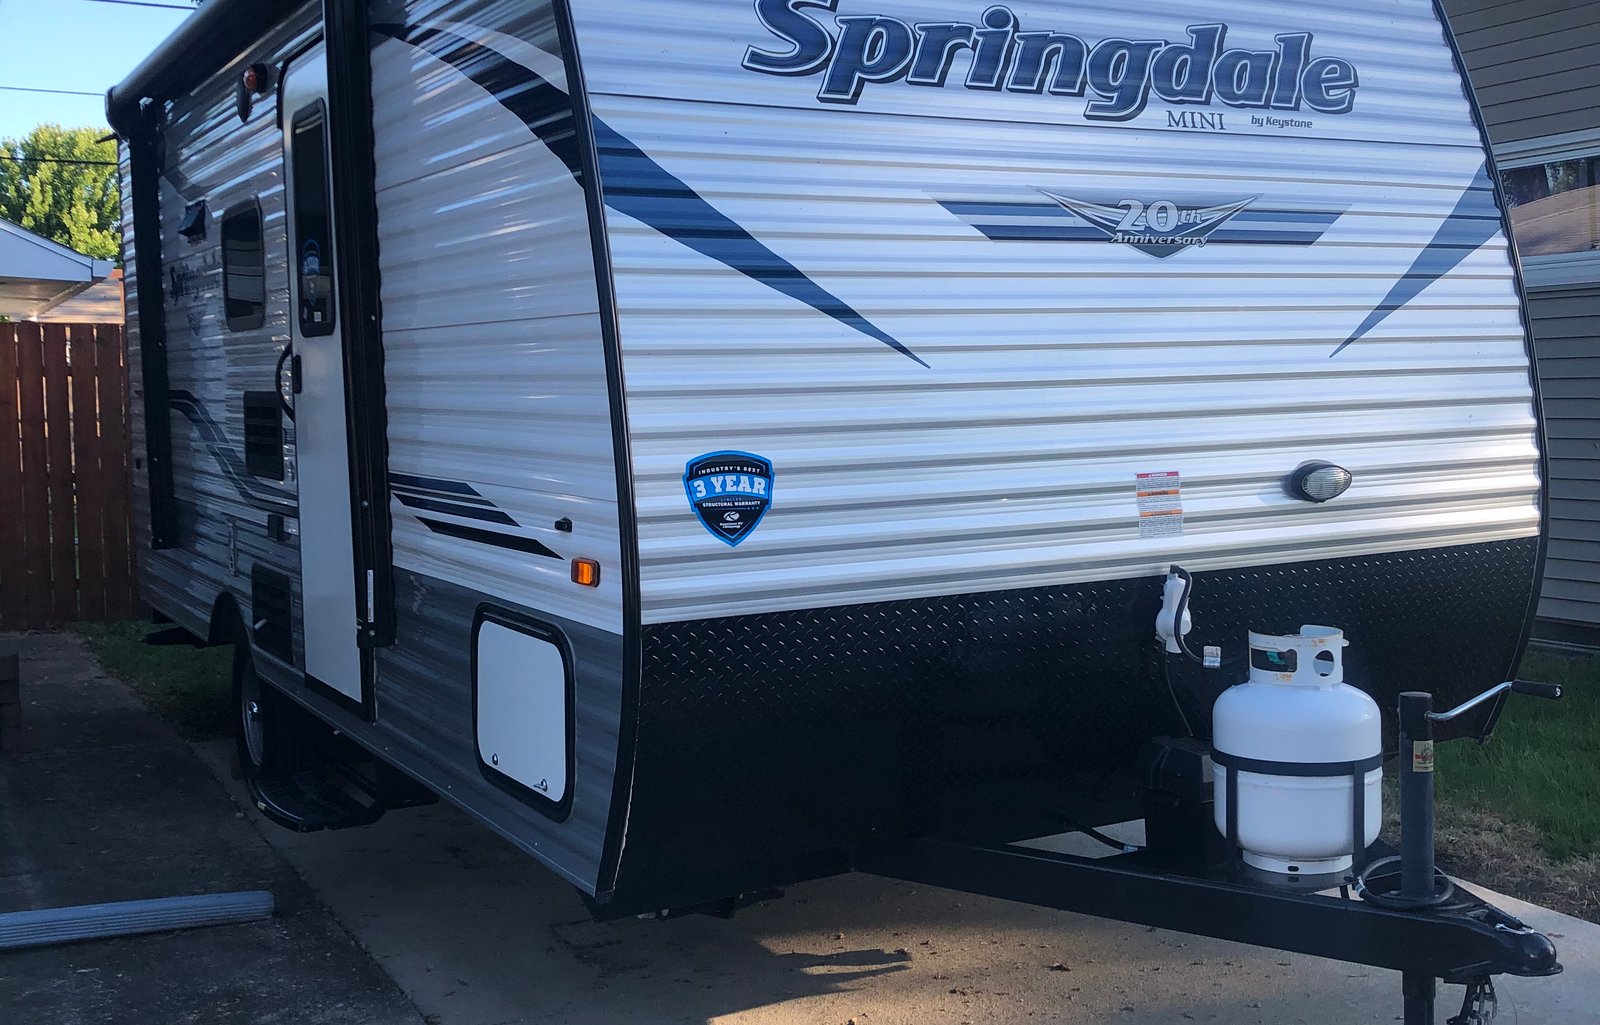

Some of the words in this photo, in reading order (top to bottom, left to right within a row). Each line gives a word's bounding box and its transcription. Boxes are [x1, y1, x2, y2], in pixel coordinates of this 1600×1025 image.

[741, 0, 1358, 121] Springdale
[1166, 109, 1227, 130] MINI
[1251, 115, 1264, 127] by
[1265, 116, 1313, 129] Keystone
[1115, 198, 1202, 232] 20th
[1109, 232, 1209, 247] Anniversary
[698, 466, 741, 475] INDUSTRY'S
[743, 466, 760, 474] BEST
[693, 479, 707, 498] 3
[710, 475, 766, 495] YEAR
━━━━━━━━━━━━━━━━
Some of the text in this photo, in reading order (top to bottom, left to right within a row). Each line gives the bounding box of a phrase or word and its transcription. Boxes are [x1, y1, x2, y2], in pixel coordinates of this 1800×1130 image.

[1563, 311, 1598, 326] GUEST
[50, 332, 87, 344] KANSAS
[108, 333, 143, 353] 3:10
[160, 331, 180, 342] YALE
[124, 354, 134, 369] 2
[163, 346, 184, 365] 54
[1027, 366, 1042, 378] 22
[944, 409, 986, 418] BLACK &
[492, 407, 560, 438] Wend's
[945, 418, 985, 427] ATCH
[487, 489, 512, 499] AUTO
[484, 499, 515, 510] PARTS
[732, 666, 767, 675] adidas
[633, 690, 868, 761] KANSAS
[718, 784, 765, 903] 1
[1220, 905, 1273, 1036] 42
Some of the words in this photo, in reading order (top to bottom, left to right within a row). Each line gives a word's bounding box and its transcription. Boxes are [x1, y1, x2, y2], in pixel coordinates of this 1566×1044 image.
━━━━━━━━━━━━━━━━
Extract from the listing above the lines between the line containing "Some of the text" and the line containing "this 1566×1044 image.", keeping both of those lines. Output nothing else.

RESPONSE TO THIS TASK:
Some of the text in this photo, in reading order (top to bottom, left to right within a row). Each line gives the bounding box of a phrase or word and its transcription. Boxes are [x1, y1, x2, y2], in pixel coordinates of this 1800×1130 image.

[1563, 311, 1598, 326] GUEST
[50, 332, 87, 344] KANSAS
[108, 333, 143, 353] 3:10
[160, 331, 180, 342] YALE
[124, 354, 134, 369] 2
[163, 346, 184, 365] 54
[1027, 366, 1042, 378] 22
[944, 409, 986, 418] BLACK &
[492, 407, 560, 438] Wend's
[945, 418, 985, 427] ATCH
[487, 489, 512, 499] AUTO
[484, 499, 515, 510] PARTS
[732, 666, 767, 675] adidas
[633, 690, 868, 761] KANSAS
[718, 784, 765, 903] 1
[1220, 905, 1273, 1036] 42
Some of the words in this photo, in reading order (top to bottom, left to right within a row). Each line gives a word's bounding box and its transcription. Boxes are [x1, y1, x2, y2], in pixel coordinates of this 1566×1044 image.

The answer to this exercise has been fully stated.